The University of Toronto at Scarborough
ENGB02Y: English Literature: Historical Survey (SpringTerm)
Instructor:
Melba Cuddy-Keane![]()
Modernist writers proclaimed a new "subject matter" for literature and they felt that their new way of looking at life required a new form, a new way of writing. Writers of this period tend to pursue more experimental and usually more highly individualistic forms of writing. The sense of a changing world was stimulated by radical new developments, such as:
the replacement of a belief in absolute, knowable truth with a sense of relative, provisional truths (Einstein's first book on relativity 1905);an awareness of "reality" as a constructed fiction
a focus on the unconscious as an important source of motivation (Freud's The Interpretation of Dreams 1900)
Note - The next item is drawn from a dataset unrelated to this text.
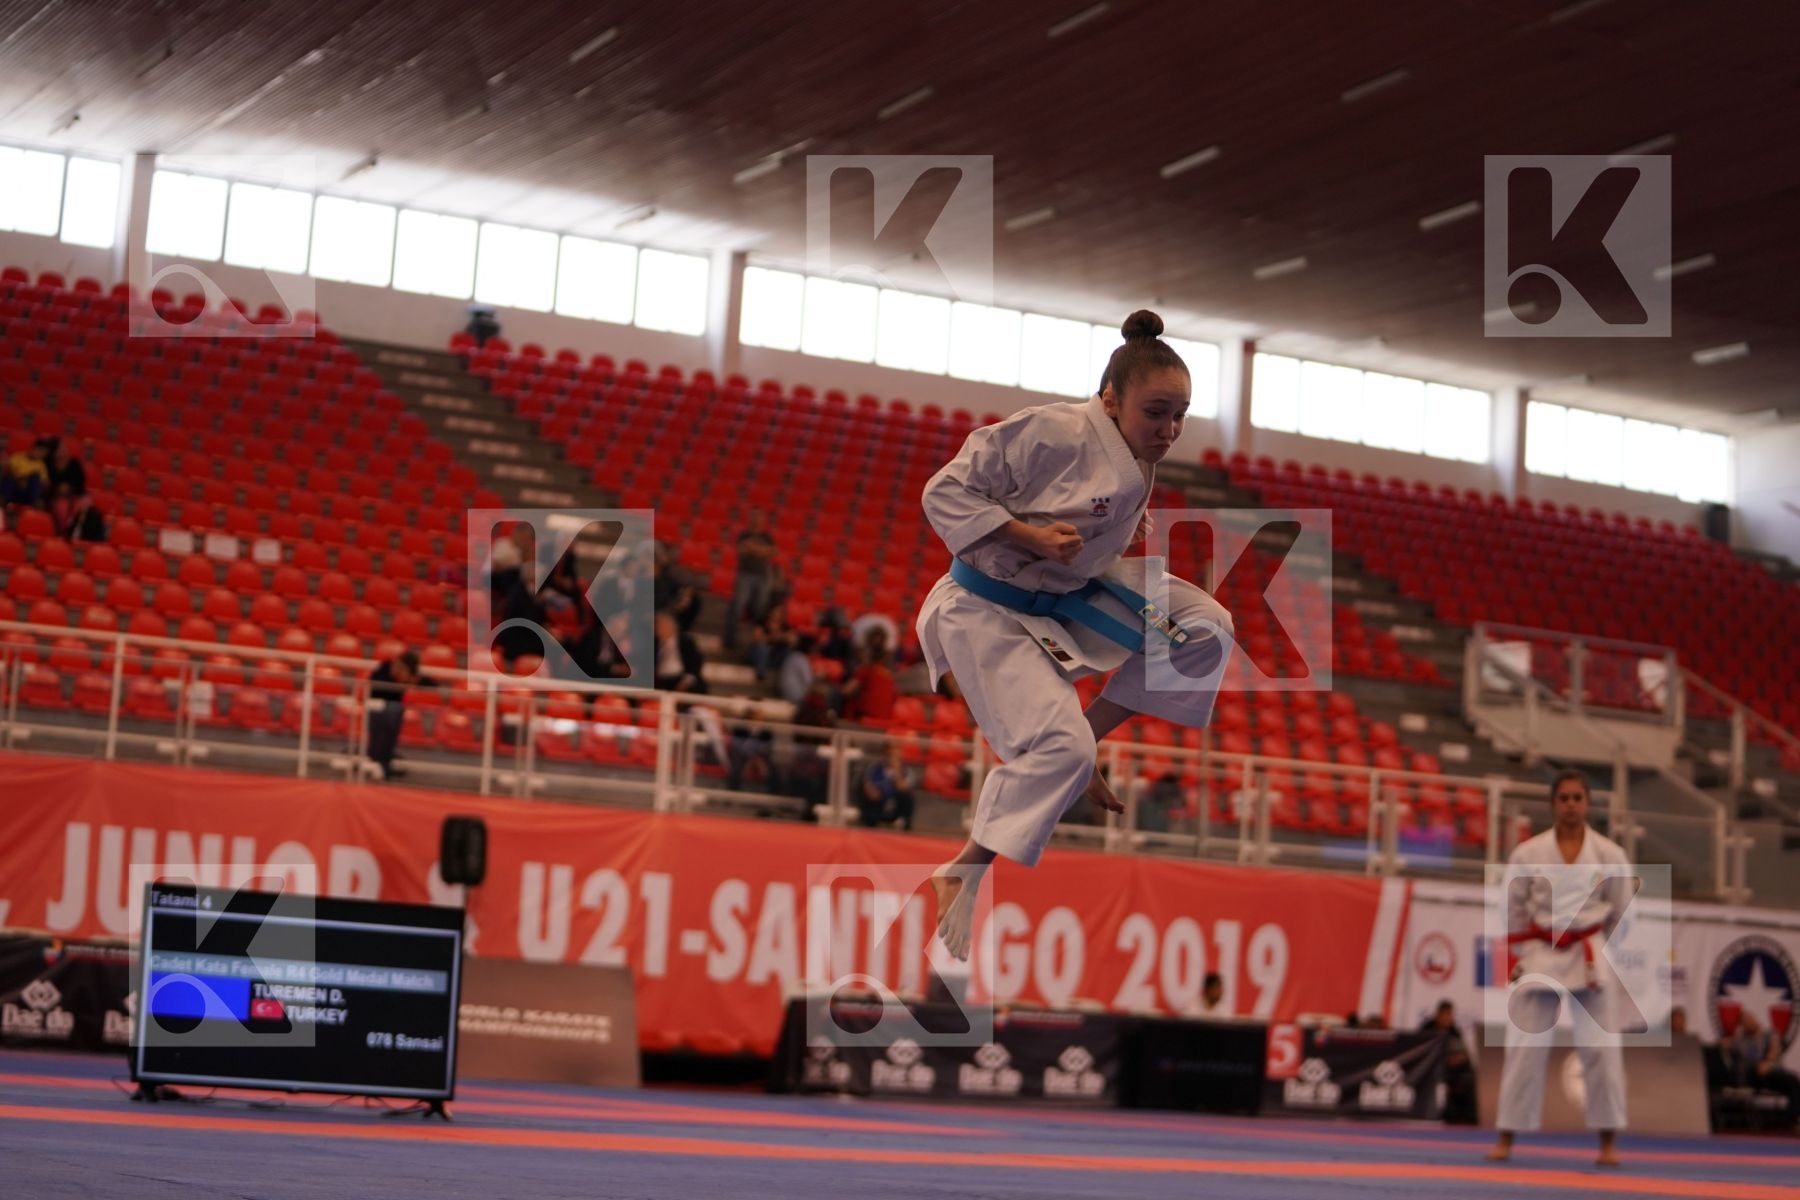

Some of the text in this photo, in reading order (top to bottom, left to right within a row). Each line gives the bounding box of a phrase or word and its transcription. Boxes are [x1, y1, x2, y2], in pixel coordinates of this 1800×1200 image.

a turning away from teleological ways of thinking about time to a sense of time as discontinuous, overlapping, non-chronological in the way we experience it; a shift from linear time to "moment time," and from "progress" to "flux"
a grasp of the inseparability of external reality and the perceiving mind; [compare developments in painting: moving from "representational" Victorian painting (painting that represents identifiable, often narrative, scenes in external reality) through Impressionism (e.g. Whistler; the attempt to paint the quality of the sensations stimulated by the external scene) to Post-Impressionism (e.g. Matisse; the "painterly" scene, the pure elements of colour and form]
a focus on epistemological concerns (how do we know what we know?) and linguistic concerns (how is what we think inseparable from the forms in which we think?)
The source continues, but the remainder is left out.